In Antone Corp. v. Haggen Holdings, LLC (In re Haggen Holdings, LLC), 2017 WL 3730527 (D. Del. Aug. 30, 2017), the U.S. District Court for the District of Delaware considered whether, as part of a bankruptcy asset sale, a chapter 11 debtor could assume and assign a nonresidential real property lease without giving effect to a clause in the lease requiring the debtor to share 50 percent of any net profits realized upon assignment. The district court ruled that, in approving the sale, the bankruptcy court did not err in holding that the profit-sharing provision was unenforceable under section 365(f)(1) of the Bankruptcy Code because it conditioned assignment of the lease.

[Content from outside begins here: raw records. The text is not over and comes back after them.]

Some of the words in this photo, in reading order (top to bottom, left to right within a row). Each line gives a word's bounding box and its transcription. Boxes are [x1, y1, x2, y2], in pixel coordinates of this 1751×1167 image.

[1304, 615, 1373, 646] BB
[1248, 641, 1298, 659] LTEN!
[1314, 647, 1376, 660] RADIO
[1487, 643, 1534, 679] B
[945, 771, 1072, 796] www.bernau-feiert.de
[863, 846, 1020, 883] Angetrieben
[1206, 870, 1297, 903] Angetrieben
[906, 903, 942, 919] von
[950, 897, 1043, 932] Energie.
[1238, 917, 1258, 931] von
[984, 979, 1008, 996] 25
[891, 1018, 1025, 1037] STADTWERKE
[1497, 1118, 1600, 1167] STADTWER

Section 365(f)(1) and Profit-Sharing Provisions

Under section 365(f)(1), with certain exceptions, a bankruptcy trustee or chapter 11 debtor-in-possession ("DIP") may assign an executory contract or an unexpired lease notwithstanding a provision in the contract or lease or in applicable law that "prohibits, restricts, or conditions" assignment. The purpose of the provision is to maximize the value of a debtor's assets for the benefit of the estate and creditors. See Angelone v. Great Atlantic & Pacific Tea Co., Inc. (In re Great Atlantic & Pacific Tea Co., Inc.), 2016 WL 6084012, *4 (S.D.N.Y. Oct. 17, 2016) (affirming an order invalidating a profit-sharing clause in an assigned lease and stating that section 365(f) is a "powerful tool for advanc[ing] one of the Code's central purposes, the maximization of the value of the bankruptcy estate for the benefit of creditors") (internal quotation marks and citations omitted).

In addition, section 365(f)(3) of the Bankruptcy Code invalidates any provision in an executory contract or unexpired lease assigned by the trustee or DIP that "terminates or modifies, or permits a party other than the debtor to terminate or modify, such contract or lease or a right or obligation under such contract or lease on account of an assignment."

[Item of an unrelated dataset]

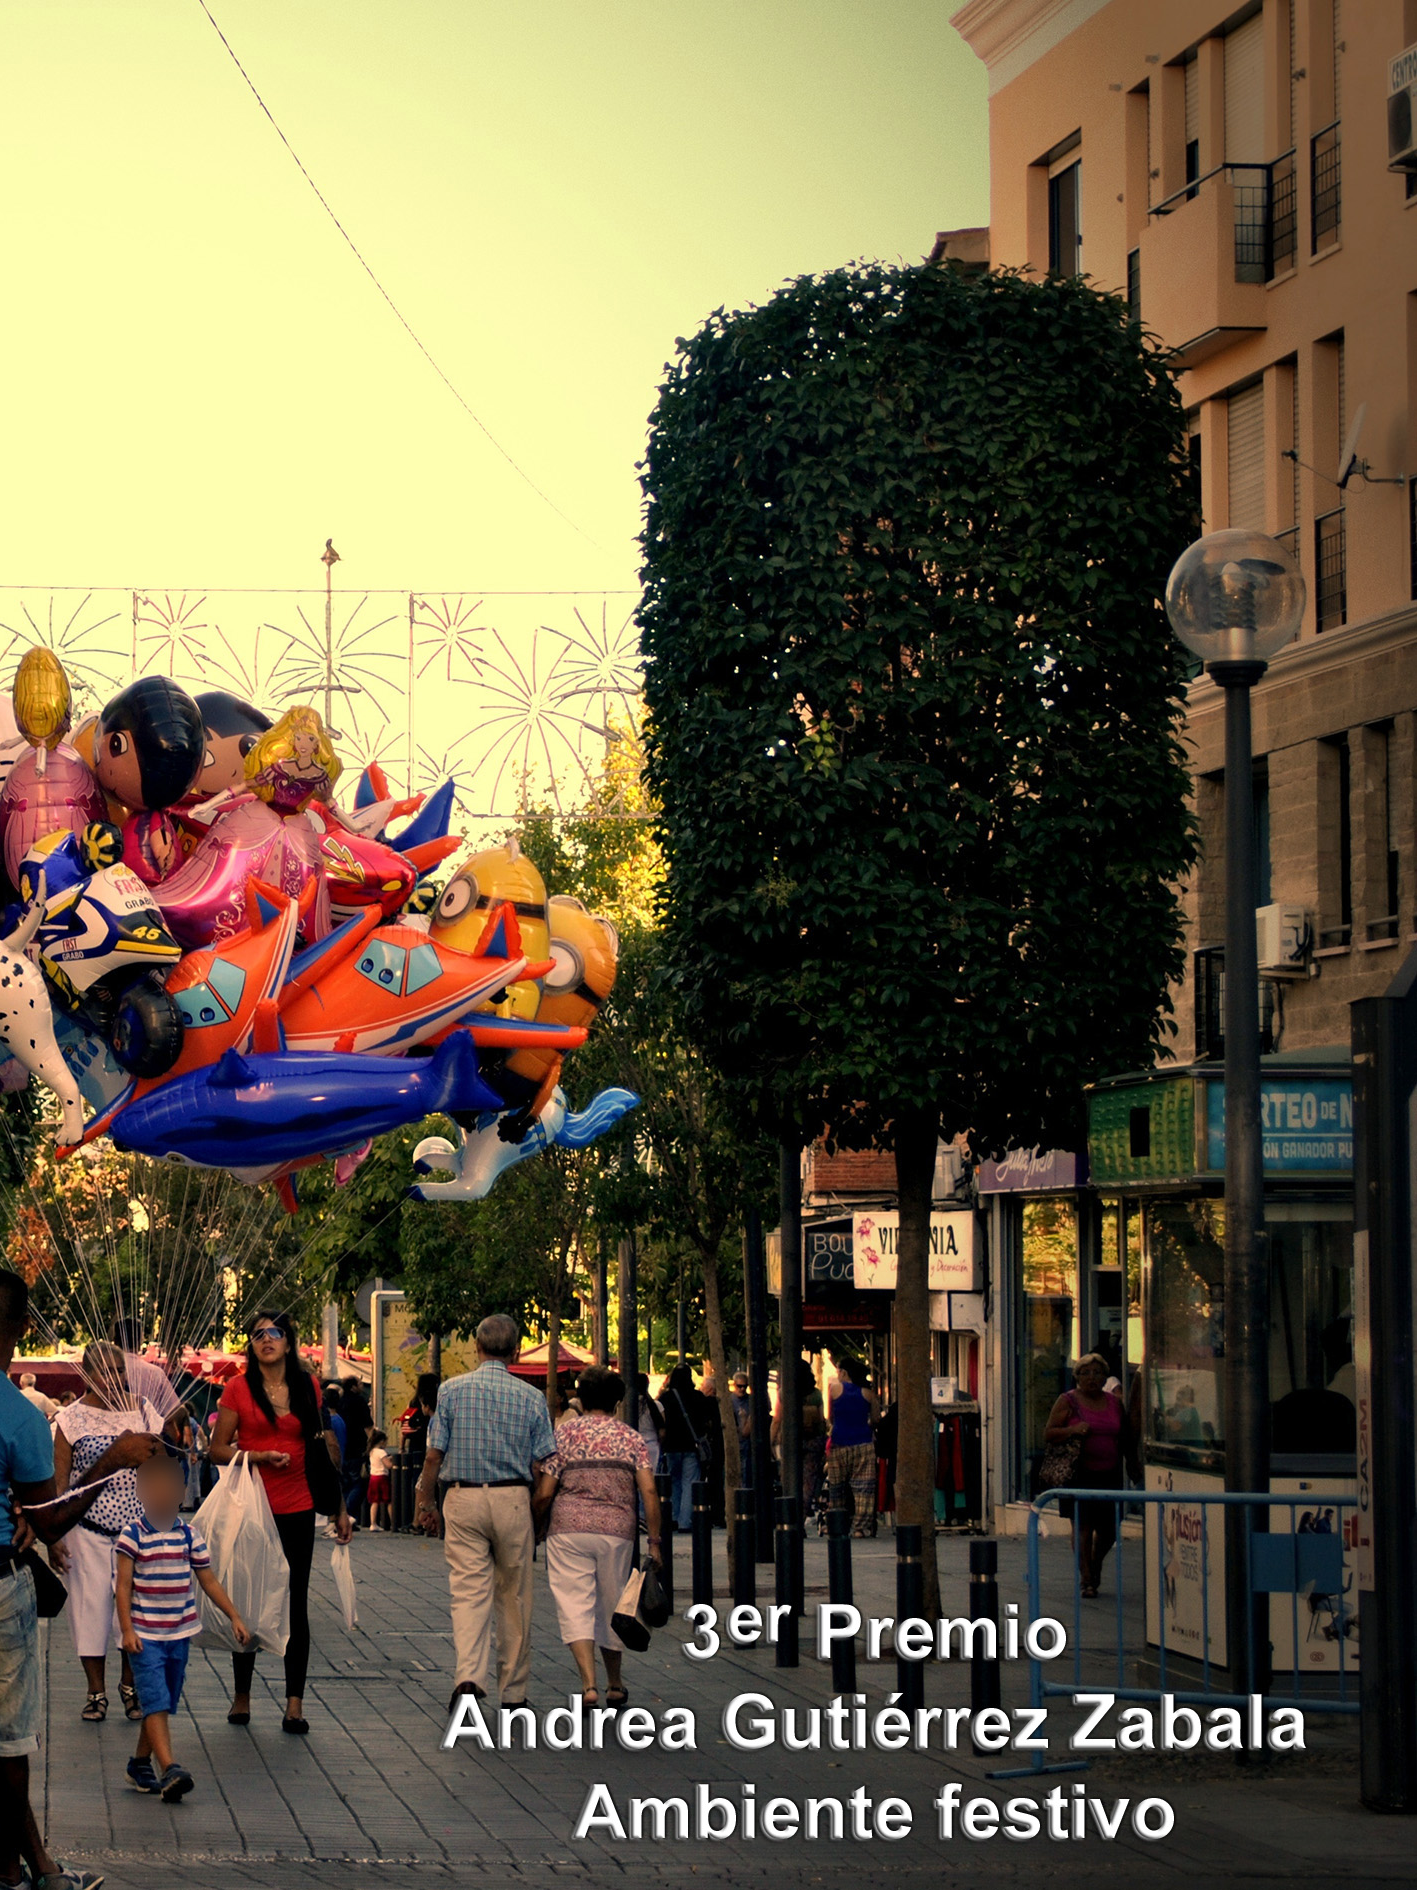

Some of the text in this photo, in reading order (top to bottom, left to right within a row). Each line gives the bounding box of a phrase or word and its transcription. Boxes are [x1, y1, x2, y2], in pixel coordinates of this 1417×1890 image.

To be unenforceable under section 365(f)(1), a challenged provision does not have to directly prohibit assignment—indirect interference is sufficient. For example, many courts have held that a provision in a lease obligating the lessee to share with the landlord any profits realized from assignment is an unenforceable condition which limits "the debtor's ability to realize the full value of its leasehold interest" by requiring payment to one creditor and diminishing distributions to all other creditors. In re Jamesway Corp., 201 B.R. 73, 78 (Bankr. S.D.N.Y. 1996); accord In re Standor Jewelers West, Inc., 129 B.R. 200 (B.A.P. 9th Cir. 1991); Great Atlantic, 2016 WL 6084012, at *6.

In Haggen Holdings, the Delaware district court considered whether the bankruptcy court below erred in approving the assumption and assignment of a lease without enforcing a profit-sharing provision.

Haggen Holdings

Prior to filing for chapter 11 protection in September 2015 in the District of Delaware, Haggen Holdings, LLC, and its affiliates (collectively, the "Debtors") owned and operated 164 grocery stores and a pharmacy. In October 2015, the Debtors sought court approval of bidding and notice procedures to govern the sale of various stores, as well as the assumption and assignment of certain related executory contracts and unexpired leases, including a 1993 nonresidential real property lease (the "Lease") between one of the Debtors and Antone Corporation ("Antone"). The Lease provided that "[i]n the event Tenant assigns this Lease . . . , Tenant shall deliver to Landlord fifty percent (50%) of any 'net profits' . . . within thirty (30) days of Tenant's receipt thereof pursuant to such assignment."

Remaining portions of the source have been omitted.